Empleo estancado, informalidad en alza y crisis educativa: los desafíos que frenan el mercado laboral argentino

La Argentina atraviesa más de una década sin creación sostenida de empleo privado formal, un fenómeno que se enlaza de manera directa con el deterioro de la productividad. Esta combinación deriva en trabajos de menor calidad, salarios insuficientes y millones de personas desempeñándose en la informalidad. Según datos del INDEC de 2024, el 42% de los trabajadores se encuentra fuera de la registración, una realidad que implica ingresos más bajos, falta de aportes jubilatorios y pérdida de derechos básicos. Para las empresas, en tanto, este escenario se traduce en una competencia desigual frente a quienes deben afrontar todas las obligaciones del sistema laboral vigente.

Uno de los factores centrales detrás de esta brecha es el peso de los costos laborales no salariales, que en la Argentina alcanzan el 70%, el nivel más alto de la región según la consultora Invecq, en base a metodología del BID. Esta presión desalienta la formalización y empuja a miles de personas a inscribirse en esquemas alternativos como el monotributo. En la última década, los monotributistas crecieron un 39%, contra apenas un 3% del empleo privado registrado, según cifras de SIPA. El contraste es elocuente: “hacen falta 27 monotributistas para aportar lo mismo que un solo trabajador en relación de dependencia”. A este escenario se suma un marco laboral que no siempre refleja la diversidad de sectores ni las nuevas modalidades de empleo, mientras que la justicia laboral también agrega incertidumbre: solo en los primeros cuatro meses de 2025 se registraron 37.491 nuevos expedientes, de acuerdo con el informe de litigiosidad del sistema de riesgos del trabajo.

Sin embargo, uno de los puntos más críticos —y estratégicos— es el deterioro del sistema educativo. Desde IDEA sostienen que “sin educación de calidad no hay productividad, y sin productividad no hay empleo formal sostenible”. Esta problemática, que lleva décadas, se refleja en los bajos niveles de aprendizaje y en la escasa conexión entre las trayectorias educativas y las necesidades del mundo del trabajo. La responsabilidad de revertir este cuadro es compartida entre el Gobierno nacional, encargado de fijar lineamientos y políticas, y las provincias, que administran el sistema educativo a diario. Según la organización “Argentinos por la Educación”, apenas el 61% de los jóvenes finaliza la secundaria en el tiempo previsto, y poco más del 20% alcanza los niveles mínimos en Lengua y Matemática. Las evaluaciones Aprender 2023 corroboran el retroceso: más de la mitad de los estudiantes secundarios no logra el nivel básico.

El impacto en el empleo es inmediato. Un relevamiento del IAE e IDEA revela que el 46% de las empresas considera que encontrar talento es una tarea difícil o muy difícil, y que el 94% detecta algún tipo de brecha entre las capacidades que requiere y las que encuentra disponibles.
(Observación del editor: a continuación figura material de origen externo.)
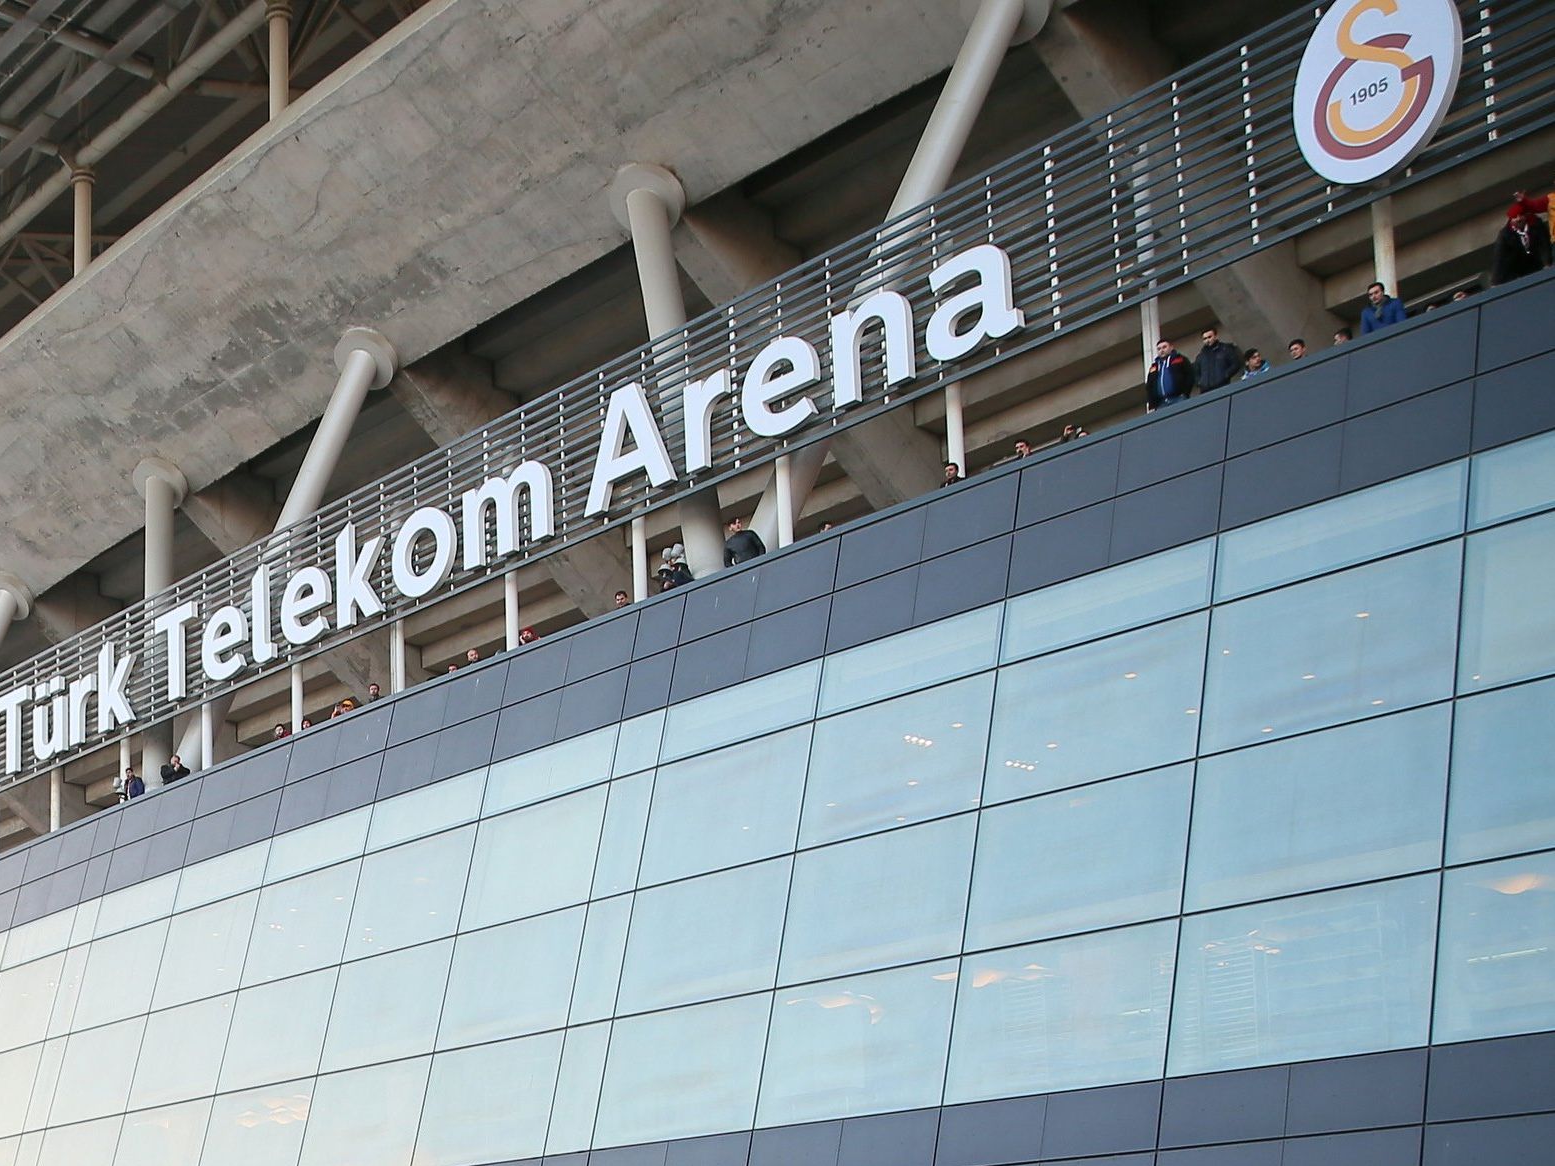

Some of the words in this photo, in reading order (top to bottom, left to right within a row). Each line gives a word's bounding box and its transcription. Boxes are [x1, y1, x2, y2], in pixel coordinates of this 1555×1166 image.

[1350, 77, 1388, 106] 1905
[154, 458, 555, 700] Telekom
[583, 244, 1026, 519] Arena
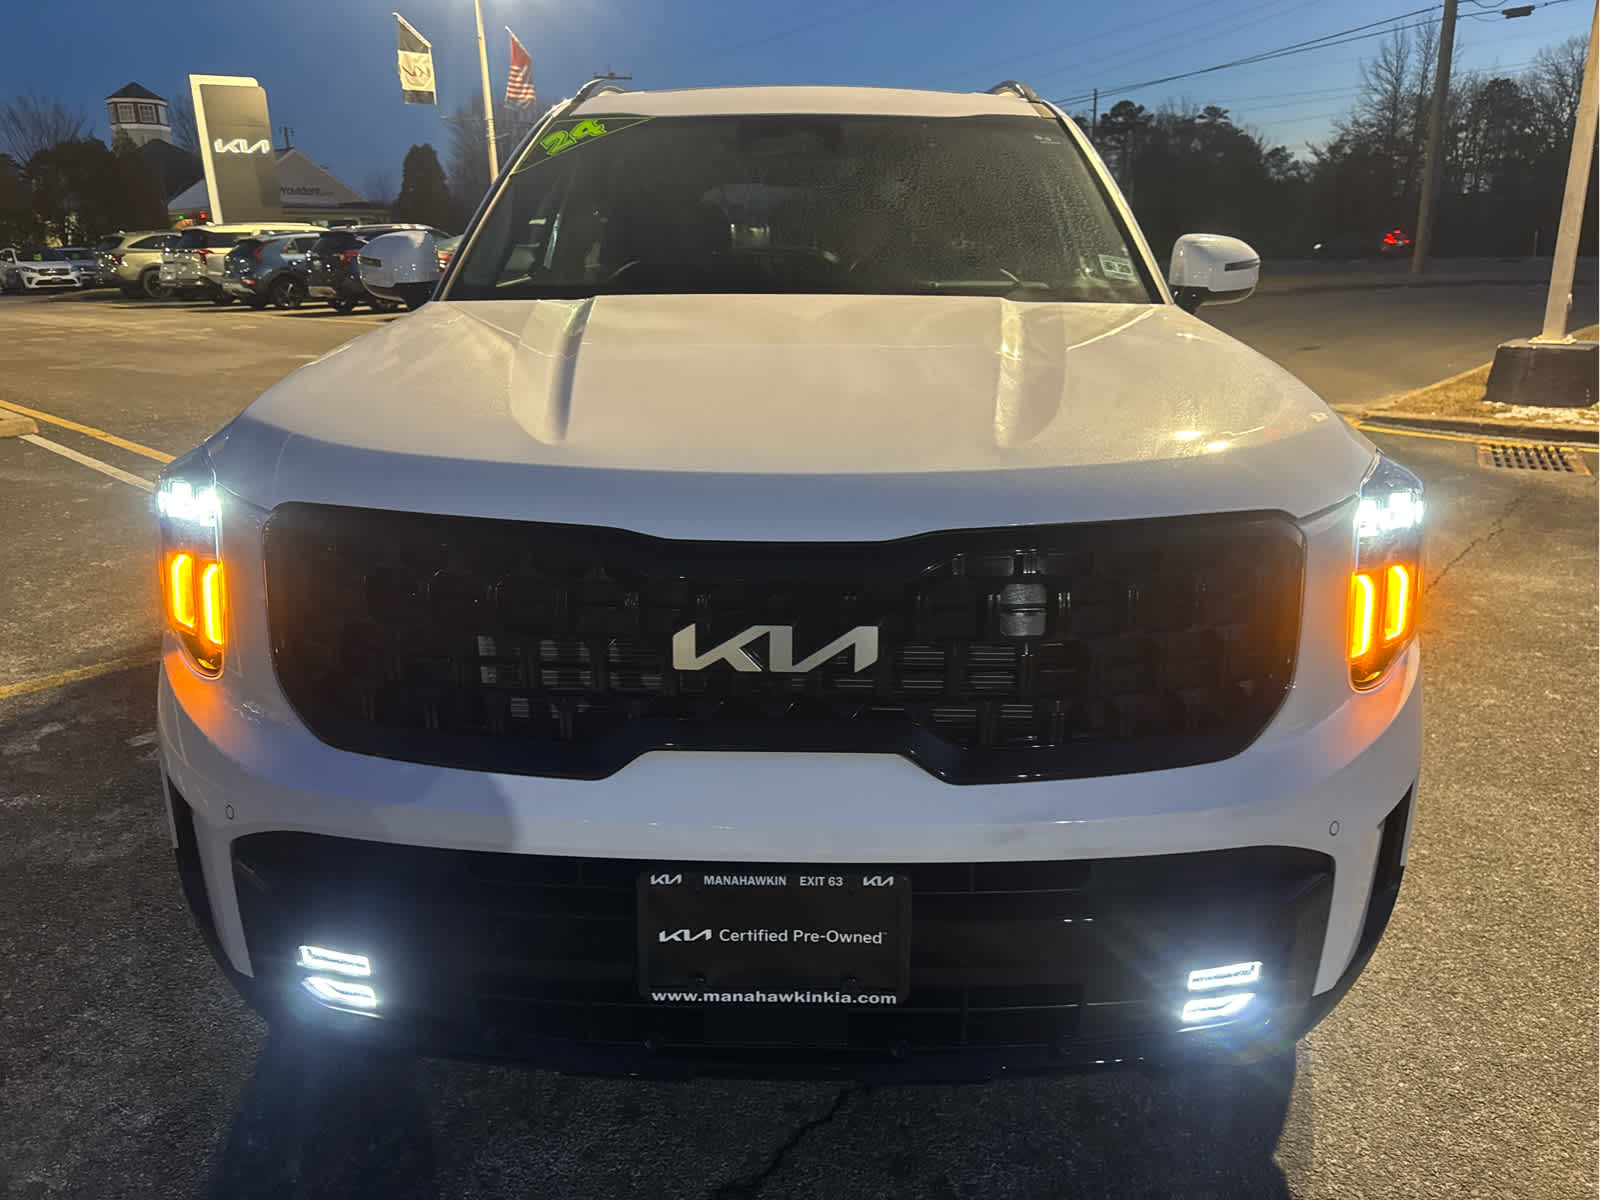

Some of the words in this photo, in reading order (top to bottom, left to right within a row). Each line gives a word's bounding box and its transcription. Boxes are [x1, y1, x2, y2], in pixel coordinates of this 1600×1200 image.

De este modo, “lo que debería ser nuestro mayor activo, el capital humano, se convierte en un cuello de botella para la productividad y el crecimiento”.
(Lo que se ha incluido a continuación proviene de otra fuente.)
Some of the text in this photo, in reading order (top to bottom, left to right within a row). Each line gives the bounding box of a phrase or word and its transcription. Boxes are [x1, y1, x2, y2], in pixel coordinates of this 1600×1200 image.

Frente a este escenario, IDEA plantea una agenda de acción integral que incluye: “reducir la informalidad equiparando regímenes y disminuyendo los costos laborales no salariales”; “modernizar los marcos laborales y sindicales para que acompañen las nuevas realidades del trabajo”; “mejorar la eficacia del sistema judicial laboral, reduciendo la discrecionalidad y dando previsibilidad”; y “promover reformas educativas profundas que garanticen terminalidad secundaria con calidad y una vinculación real entre educación y empleabilidad”. En el marco del 61° Coloquio de IDEA, la institución afirma que el país cuenta con el talento necesario para revertir esta tendencia. “Lo que necesitamos es decisión, consensos y una hoja de ruta clara”, sostienen. “Este es el momento de construirla juntos”.